Take care of your health and start good habits (workout, meal prep, etc.). And take a good vacation or do whatever else you need to relax. Enjoy your hobbies. Adulting hits HARD.
100% agree. All the “basics” go out the window when work gets even slightly busy, so wish I developed necessary habits around health/diet before. Also would rec finding the go to people/places for primary care, dry cleaning, tailoring, apartment cleaning etc.
Don't waste your time on this. You will work more than enough and learn on the job. Just vacation and enjoy your time until then.
Enthusiast
Read something like “Swimming Lessons for Baby Sharks”
Enjoy this time, you will never get it again. Books will not help you.
Go on vacation and do not think about the law. If you have to read a book to prepare, read Elements of Style.
The Winning Brief is supposed to be good.
There isn’t a lot of time to read books like that while working in biglaw, so reading them during your time off is a good idea. People saying “just relax” must not remember how boring it was to sit on your hands for two months post-bar.

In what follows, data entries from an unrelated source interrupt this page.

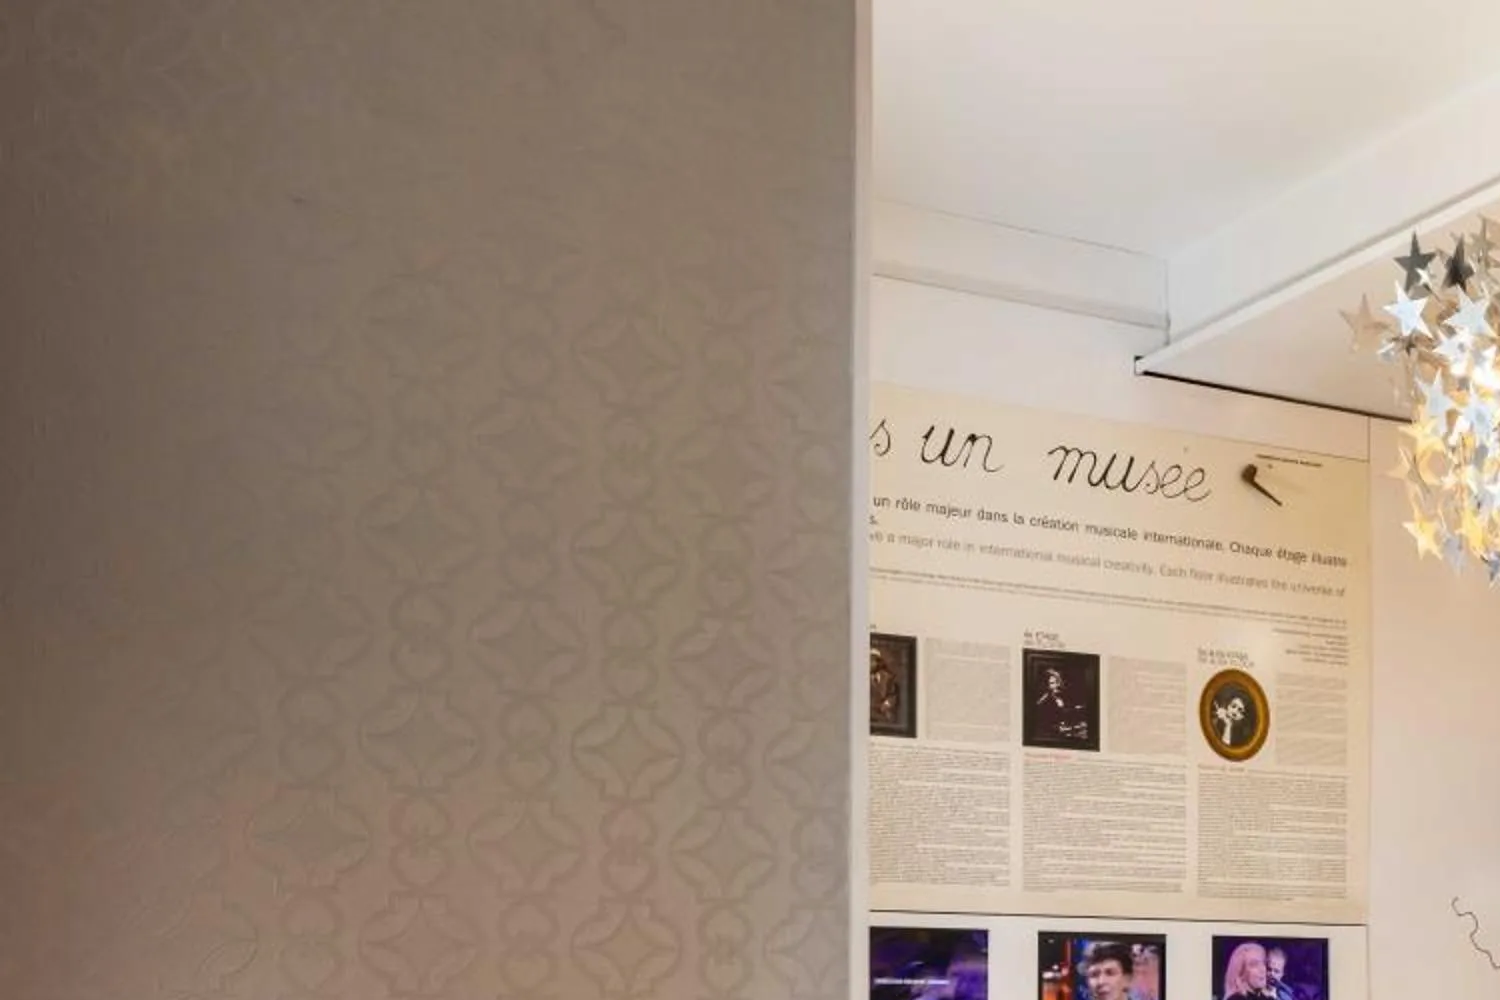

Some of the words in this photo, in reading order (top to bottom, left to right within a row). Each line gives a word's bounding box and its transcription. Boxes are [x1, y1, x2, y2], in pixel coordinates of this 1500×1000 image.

[921, 425, 1004, 473] un
[873, 497, 890, 507] un
[895, 498, 920, 511] rôle
[926, 502, 972, 519] majeur
[978, 508, 1008, 522] dans
[1013, 512, 1025, 525] la
[1029, 515, 1079, 532] création
[1085, 524, 1138, 541] musicale
[1229, 541, 1273, 558] Chaque

I didn’t have money, so I spent a month in my apartment reading, then had my start date shifted to a month earlier. It seems like a lot of biglaw attorneys live through memories of their pre-career vacations. We should normalize taking a month or two off occasionally during our careers.
Try to get a good sleep schedule, exercise schedule, and sustainable healthy eating habits going, and do anything else that you feel will reduce your future stress or set you up for mental health success. This is vastly more important than anything you can read or study right now.

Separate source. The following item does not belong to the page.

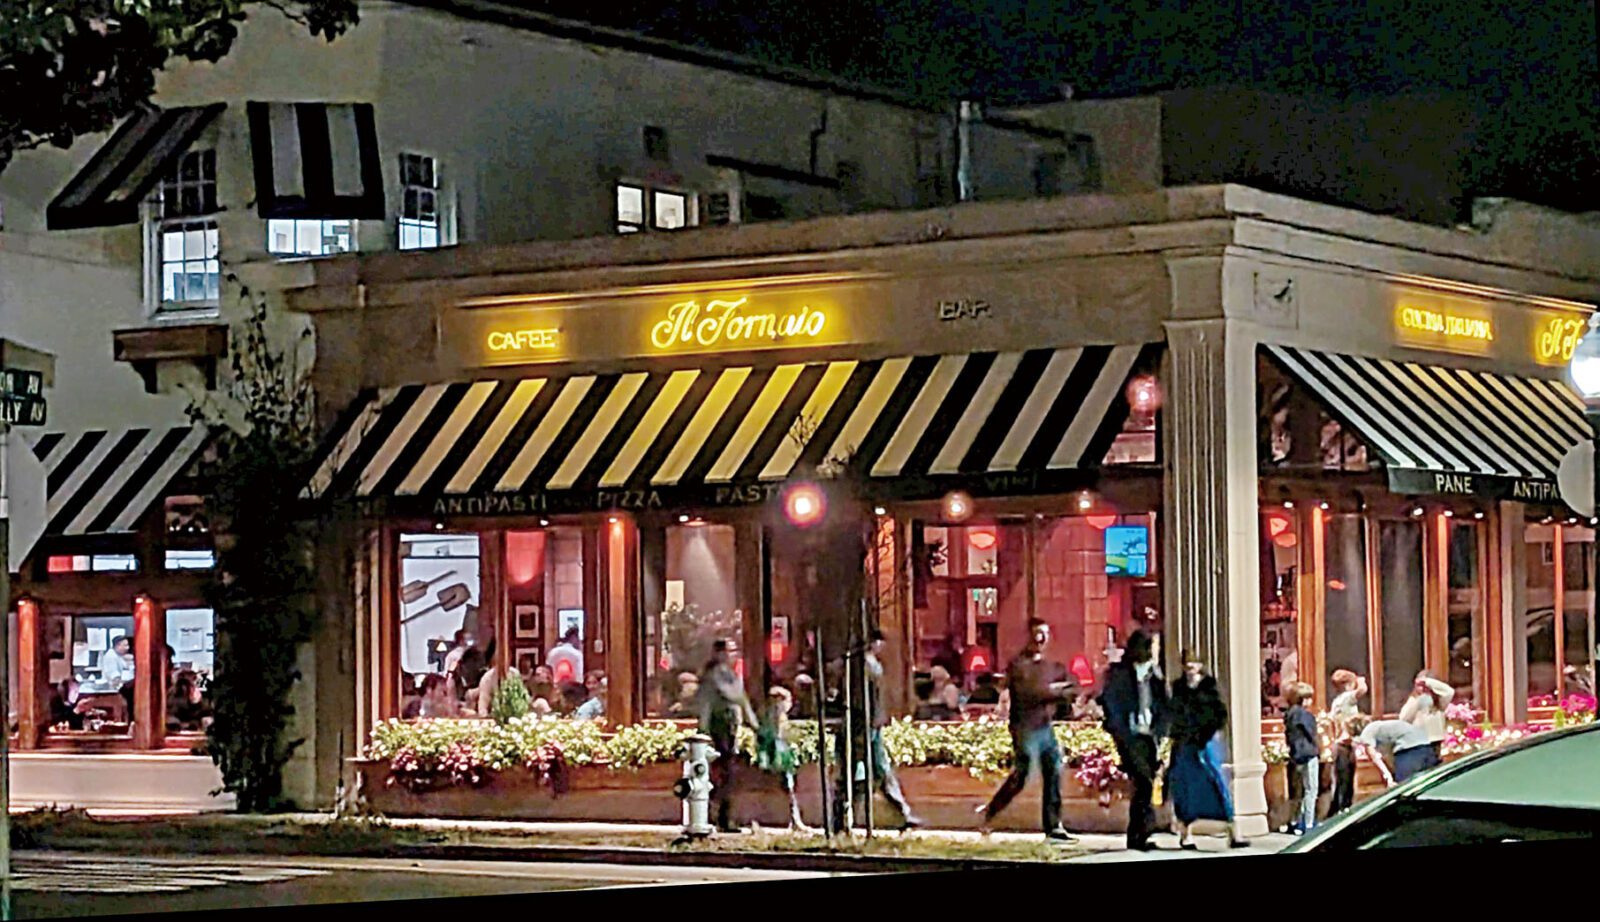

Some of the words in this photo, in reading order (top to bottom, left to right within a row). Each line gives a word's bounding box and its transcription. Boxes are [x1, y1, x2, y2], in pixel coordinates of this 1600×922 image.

[1434, 473, 1475, 493] PANE
[433, 494, 548, 514] ANTIPASTI
[596, 490, 663, 509] PIZZA

Memorize the FRCP, FRE, most sections of the USC, and the bluebook
Read the FRCP
For what it’s worth, I use excel as my own personal docket to keep track of everything. Maybe while you’re on a Netflix binge open it up (or google docs) and poke around. If you can sort cells by date, you’ll be proficient enough to use it for this purpose.

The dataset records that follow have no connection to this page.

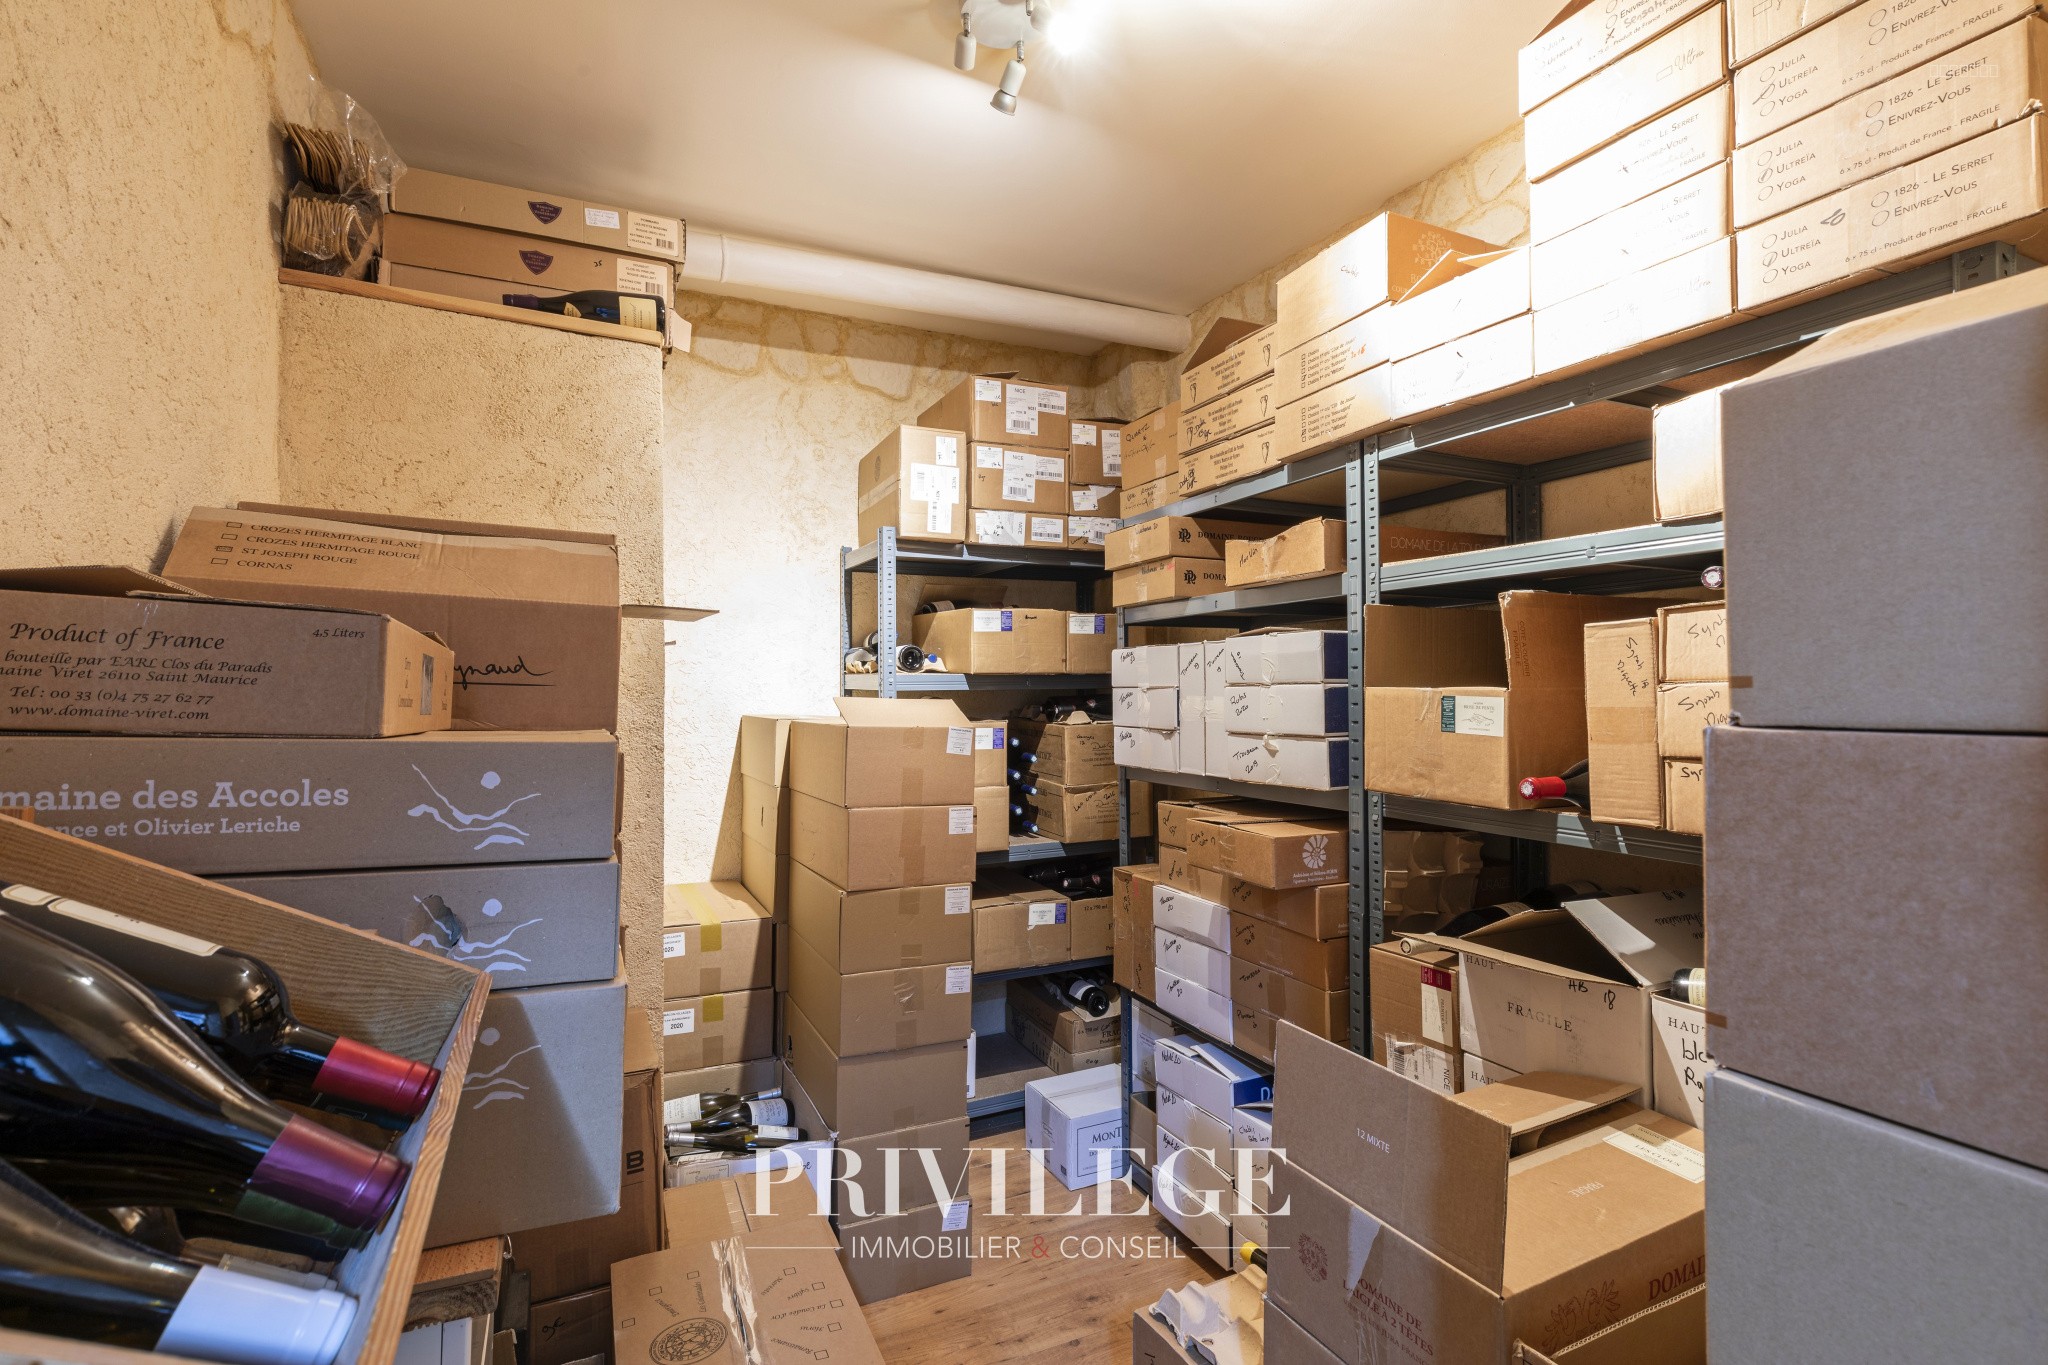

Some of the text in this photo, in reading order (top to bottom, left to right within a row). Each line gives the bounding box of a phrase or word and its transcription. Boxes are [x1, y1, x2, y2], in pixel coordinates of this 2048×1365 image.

[1841, 78, 1848, 86] 6
[1854, 70, 1865, 80] 75
[1866, 66, 1875, 76] cl
[1881, 49, 1911, 68] Produit
[1912, 43, 1924, 53] de
[1925, 28, 1955, 47] France
[1962, 4, 2004, 30] FRAGILE
[1778, 53, 1806, 72] JULIA
[1779, 64, 1819, 89] ULTREÏA
[1888, 88, 1915, 107] 1826
[1927, 77, 1942, 90] LE
[1945, 57, 1989, 81] SERRET
[1779, 88, 1809, 106] YOGA
[1888, 84, 1972, 127] ENIVREZ-VOUS
[1671, 113, 1699, 133] SERRET
[1776, 139, 1804, 158] JULIA
[1839, 167, 1846, 175] 6
[1853, 161, 1863, 170] 75
[1864, 157, 1872, 166] cl
[1878, 142, 1908, 160] Produit
[1910, 137, 1921, 147] de
[1923, 122, 1953, 142] France
[1960, 103, 2001, 126] FRAGILE
[1679, 151, 1706, 168] FRAGILE
[1776, 152, 1817, 175] ULTREÏA
[1777, 175, 1807, 193] YOGA
[1894, 153, 1996, 198] 1826 LE SERRET
[1894, 180, 1979, 218] ENIVREZ-VOUS
[1780, 224, 1809, 242] JULIA
[1845, 255, 1851, 263] 6
[1858, 250, 1869, 259] 75
[1870, 247, 1878, 256] cl
[1884, 232, 1914, 250] Produit
[1916, 229, 1928, 239] de
[1929, 218, 1959, 235] France
[1966, 201, 2008, 223] FRAGILE
[1781, 238, 1822, 259] ULTREÏA
[1781, 260, 1812, 277] YOGA
[246, 535, 421, 560] CROZES HERMITAGE ROUGE
[250, 524, 423, 549] CROZES HERMITAGE BLANC
[1197, 531, 1235, 541] DOMAINE
[1390, 536, 1431, 550] DOMAINE
[1434, 540, 1447, 551] DE
[237, 559, 293, 571] CORNAS
[241, 546, 358, 565] ST JOSEPH ROUGE
[9, 622, 226, 651] Product of France
[332, 627, 365, 639] Liters
[1512, 629, 1522, 667] FRAGILE
[1626, 637, 1644, 670] Syrah
[4, 649, 273, 674] bouteille par EARL Clos du Paradis
[50, 665, 259, 686] Viret 26110 Saint Maurice
[50, 690, 71, 700] 00
[75, 691, 92, 702] 33
[97, 688, 128, 704] (0)4
[131, 693, 149, 704] 75
[153, 693, 171, 704] 27
[175, 693, 192, 704] 62
[196, 695, 215, 706] 77
[8, 704, 210, 721] www.domaine-viret.com
[132, 779, 199, 809] des
[208, 779, 350, 808] Accoles
[104, 814, 302, 837] et Olivier Leriche
[1465, 954, 1497, 970] HAUT
[1603, 988, 1617, 1011] 18
[670, 1021, 684, 1030] 2020
[1507, 1001, 1574, 1033] FRAGILE
[1443, 1066, 1451, 1092] NICE
[1356, 1127, 1390, 1155] 12 MIXTE
[1357, 1278, 1423, 1332] OMAINE DE
[771, 1337, 814, 1355] Renaissance
[1390, 1317, 1398, 1328] 2
[1399, 1321, 1434, 1356] TÊTES

The other great suggestion here is to get into a good schedule the last few weeks leading up to starting. I’d focus on meal planning/shopping on the weekends and consistent exercise
https://thepeoplestherapist.com/2015/06/08/gaslighting/
Go on vacation for as long as possible.
Thank you all! This is helpful!
Cute.
😊
Agreed with a lot of the above - I'm transactional rather than lit, so no real advice, but take the time to rest up, and enjoy life - you seriously won't have this time again!
You don't know what you need to know at this stage, and so much training is on the job. Once you are more senior, you'll understand what to read/study to stay ahead of the competition, but at your stage you'll stand out for a couple months max before everyone else at your level learns the same thing on the job.
The best thing you can do to stand out is be keen to help, keen to step up, and always looking for somewhere you can help out the senior. I notice people by how much initiative that they take on a deal/matter, rather than if they know a little bit more.
Thank you so much! I appreciate the advice.